The conference convened to provide a tribute to Berwyn Clayton, who passed on a few weeks ago. She was a prolific Australia VET practitioner, researcher and AVETRA leader. Andrew Williamson initiated the session. Tributes presented from various AVETRA members both f2f and from online messages.

Two 'long presentation' sessions across the 4 streams then occurred. I stayed in the AI stream.

- 'Gen AI and assessment in VET: A systematic review of three wicked problemss" a PRISMA 2020 systematic review of Gen AI and assessment in VET - with Geethani Nair (Skills Bridge Solutions). Project completed with Dr. Wijendra Guanthilake amd Ishini Hathruisinghe from Sri Lanka. VET Gen AI problem is structurally different from Higher Education (HE).

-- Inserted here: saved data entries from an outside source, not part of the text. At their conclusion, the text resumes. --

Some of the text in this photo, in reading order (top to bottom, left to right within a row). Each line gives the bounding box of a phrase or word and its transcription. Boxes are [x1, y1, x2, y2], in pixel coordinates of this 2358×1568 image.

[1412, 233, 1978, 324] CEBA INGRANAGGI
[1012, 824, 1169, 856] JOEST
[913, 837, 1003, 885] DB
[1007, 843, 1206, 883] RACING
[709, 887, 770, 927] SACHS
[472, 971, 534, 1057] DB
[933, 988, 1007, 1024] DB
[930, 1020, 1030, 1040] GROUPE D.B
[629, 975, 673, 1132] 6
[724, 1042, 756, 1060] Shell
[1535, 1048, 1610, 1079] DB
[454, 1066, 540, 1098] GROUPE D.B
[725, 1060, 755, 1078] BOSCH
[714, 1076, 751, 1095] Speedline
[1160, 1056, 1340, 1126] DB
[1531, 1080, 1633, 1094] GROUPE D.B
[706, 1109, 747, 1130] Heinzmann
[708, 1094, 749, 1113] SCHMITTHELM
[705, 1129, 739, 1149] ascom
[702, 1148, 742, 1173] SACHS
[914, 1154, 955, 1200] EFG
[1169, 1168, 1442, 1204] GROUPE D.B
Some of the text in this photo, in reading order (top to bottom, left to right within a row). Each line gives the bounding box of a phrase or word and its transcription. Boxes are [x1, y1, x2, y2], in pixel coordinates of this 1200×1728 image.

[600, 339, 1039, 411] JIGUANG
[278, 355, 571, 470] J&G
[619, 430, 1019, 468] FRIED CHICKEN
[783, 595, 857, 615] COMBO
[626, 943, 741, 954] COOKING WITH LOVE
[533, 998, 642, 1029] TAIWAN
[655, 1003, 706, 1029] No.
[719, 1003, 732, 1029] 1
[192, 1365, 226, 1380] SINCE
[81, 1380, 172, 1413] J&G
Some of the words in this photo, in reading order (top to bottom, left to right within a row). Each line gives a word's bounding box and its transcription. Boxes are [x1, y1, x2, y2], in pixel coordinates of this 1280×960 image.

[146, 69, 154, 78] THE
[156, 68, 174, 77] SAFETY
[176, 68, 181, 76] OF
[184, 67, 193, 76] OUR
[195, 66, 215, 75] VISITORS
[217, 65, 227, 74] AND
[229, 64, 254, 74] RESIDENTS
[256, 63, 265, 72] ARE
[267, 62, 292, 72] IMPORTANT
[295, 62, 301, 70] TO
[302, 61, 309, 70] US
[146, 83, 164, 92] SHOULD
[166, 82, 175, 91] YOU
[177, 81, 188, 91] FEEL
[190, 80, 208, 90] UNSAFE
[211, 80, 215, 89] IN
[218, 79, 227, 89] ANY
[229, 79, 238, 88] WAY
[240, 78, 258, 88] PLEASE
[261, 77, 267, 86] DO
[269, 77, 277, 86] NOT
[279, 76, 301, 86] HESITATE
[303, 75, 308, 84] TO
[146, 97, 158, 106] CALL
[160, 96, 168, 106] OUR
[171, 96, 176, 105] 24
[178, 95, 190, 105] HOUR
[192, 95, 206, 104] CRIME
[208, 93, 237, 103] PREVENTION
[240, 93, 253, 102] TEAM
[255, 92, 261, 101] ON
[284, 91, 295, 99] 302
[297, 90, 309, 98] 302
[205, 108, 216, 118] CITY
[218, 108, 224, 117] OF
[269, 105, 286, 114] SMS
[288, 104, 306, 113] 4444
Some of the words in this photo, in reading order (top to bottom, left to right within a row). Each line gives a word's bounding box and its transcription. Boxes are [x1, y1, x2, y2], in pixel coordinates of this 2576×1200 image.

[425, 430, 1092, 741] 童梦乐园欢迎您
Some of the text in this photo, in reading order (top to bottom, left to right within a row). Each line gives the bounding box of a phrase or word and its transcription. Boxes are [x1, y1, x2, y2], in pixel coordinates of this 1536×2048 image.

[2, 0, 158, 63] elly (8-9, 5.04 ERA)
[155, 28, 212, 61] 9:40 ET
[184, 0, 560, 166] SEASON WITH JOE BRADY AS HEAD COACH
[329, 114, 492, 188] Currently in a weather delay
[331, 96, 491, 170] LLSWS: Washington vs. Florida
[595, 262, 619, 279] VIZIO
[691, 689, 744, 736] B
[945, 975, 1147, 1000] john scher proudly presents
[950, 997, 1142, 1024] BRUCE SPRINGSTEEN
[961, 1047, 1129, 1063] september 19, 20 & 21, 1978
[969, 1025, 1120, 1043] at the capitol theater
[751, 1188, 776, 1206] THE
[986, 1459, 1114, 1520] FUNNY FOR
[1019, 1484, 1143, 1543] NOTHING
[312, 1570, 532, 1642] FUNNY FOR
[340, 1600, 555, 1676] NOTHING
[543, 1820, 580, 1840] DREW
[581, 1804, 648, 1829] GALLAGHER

In HE there is a focus on academic integrity frame; VET has a workplace competency frame - use of AI required and it is around capability with AI. Gen AI already in the classrooms. 

54 peer-reviewed and grey literature, 3 interlocking wicked problems unique to VET assessments and compared Australia and Sri Lanka national systems. Research Questions include - how can VET providers maintain industry cridibility when integrating Gen AI in assessment?, How can VET providers preserve the employer validation of graduates' independent competency? and How can VET providers ensure assessment authenticity while leveraging Gen AI in rapidly changing technological and workplace contexts? 

Identified 412 (2022 to 2025), screened to 186, 98 eligible and 54 included in synthesis. For RQ1 - students use Gen AI to produce written deliverables; even authentic workplace-relevant tasks can be Gen Ai substituted without reliable detection. Therefore for RQ2 - detection dominates; For RQ1 - workflow integration across browsers, word editors, etc. so for RQ2 - redesign of assessments is uneven. In RQ3 authenticity as design fails as is does not prevent substitutions. RQ HE guidance imported but scarce in VET. 

Wicked problems require institutional rather than purely technical response. Require ongoing management rather than single-point solutions. Identified 3 patterns as wicked problems. Industry credibility becomes challenged if detection dominates. Even VET's preferred response must go further than task design - as redesign of assessments is uneven. No common language between employers and RTOs for what counts as valid - as HE guidance imported and not always relevant to VET. 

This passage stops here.